### [TASK STATEMENT]
An image-free, word-for-word version of the records below is to be returned.

══ RECORDS FOR PROCESSING

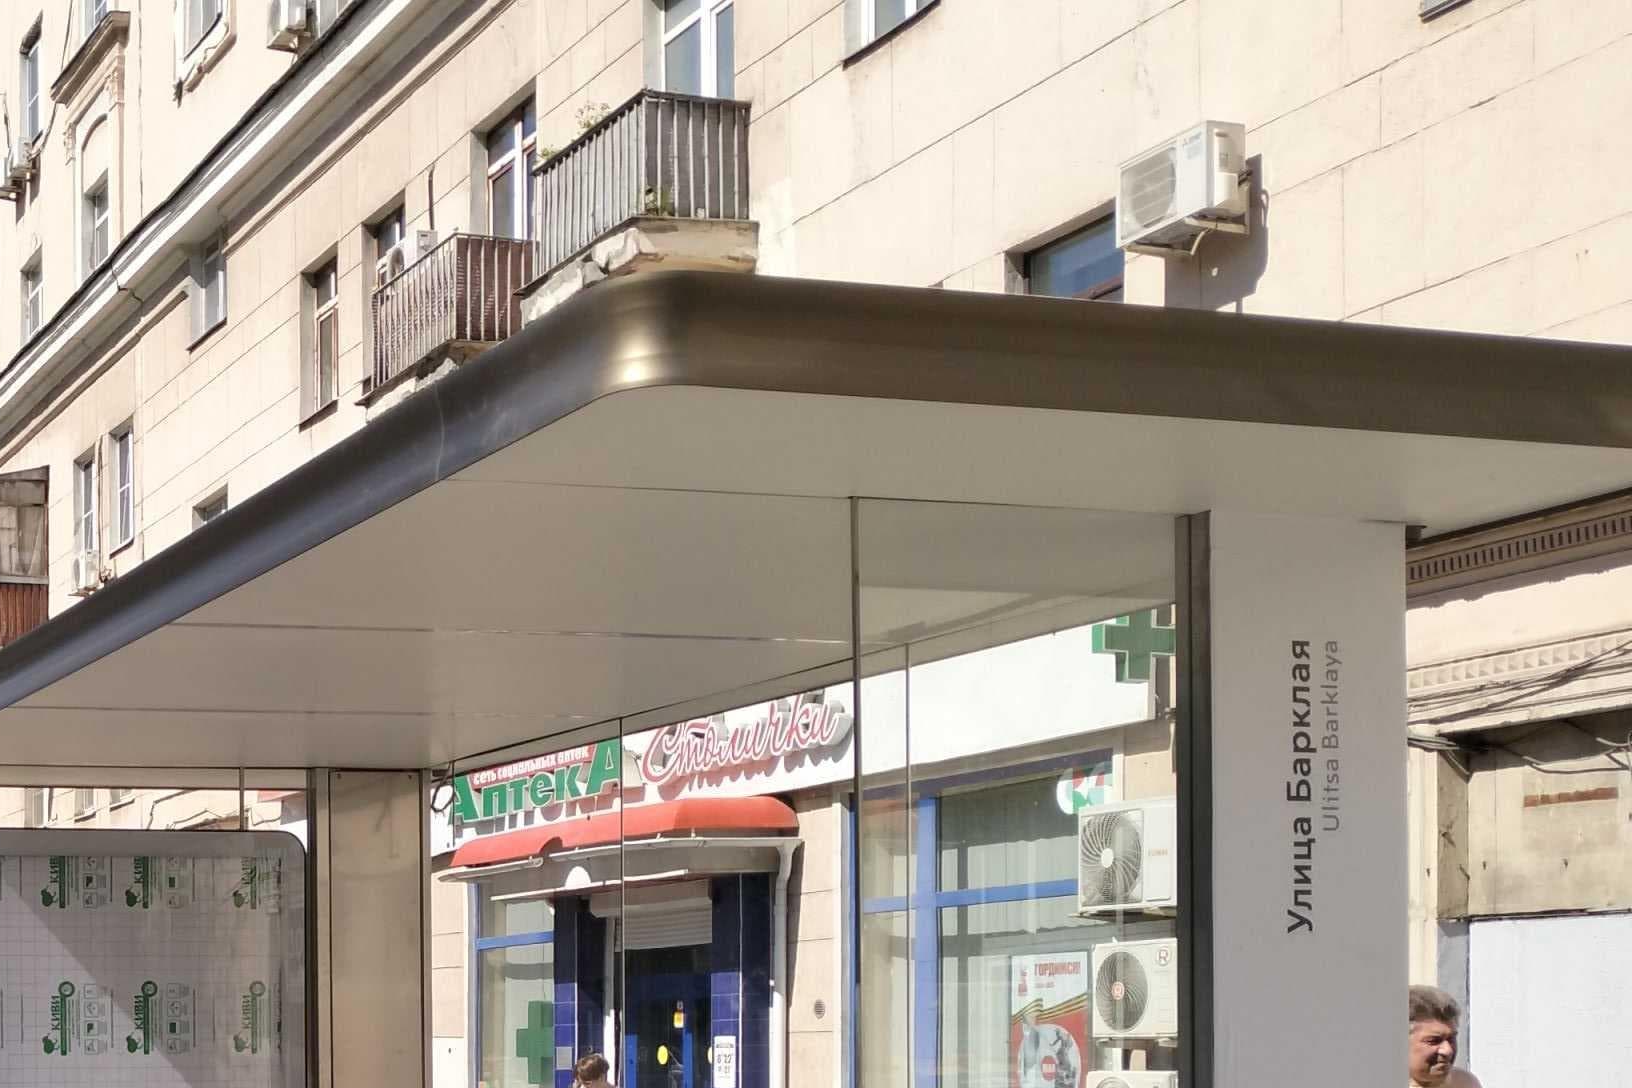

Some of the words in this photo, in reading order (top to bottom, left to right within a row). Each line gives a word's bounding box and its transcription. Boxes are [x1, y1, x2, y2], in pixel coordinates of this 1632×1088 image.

[1286, 639, 1317, 803] Барклая
[1320, 639, 1343, 749] Barklaya
[473, 771, 497, 785] сеть
[498, 755, 557, 780] социальных
[1321, 758, 1341, 831] Ulitsa
[1287, 816, 1316, 934] Улица
[51, 995, 61, 1031] КИВИ
[134, 995, 144, 1030] КИВИ

════

### [COMPLETED EXERCISE]
Some of the words in this photo, in reading order (top to bottom, left to right within a row). Each line gives a word's bounding box and its transcription. Boxes are [x1, y1, x2, y2], in pixel coordinates of this 1632×1088 image.

[1286, 639, 1317, 803] Барклая
[1320, 639, 1343, 749] Barklaya
[473, 771, 497, 785] сеть
[498, 755, 557, 780] социальных
[1321, 758, 1341, 831] Ulitsa
[1287, 816, 1316, 934] Улица
[51, 995, 61, 1031] КИВИ
[134, 995, 144, 1030] КИВИ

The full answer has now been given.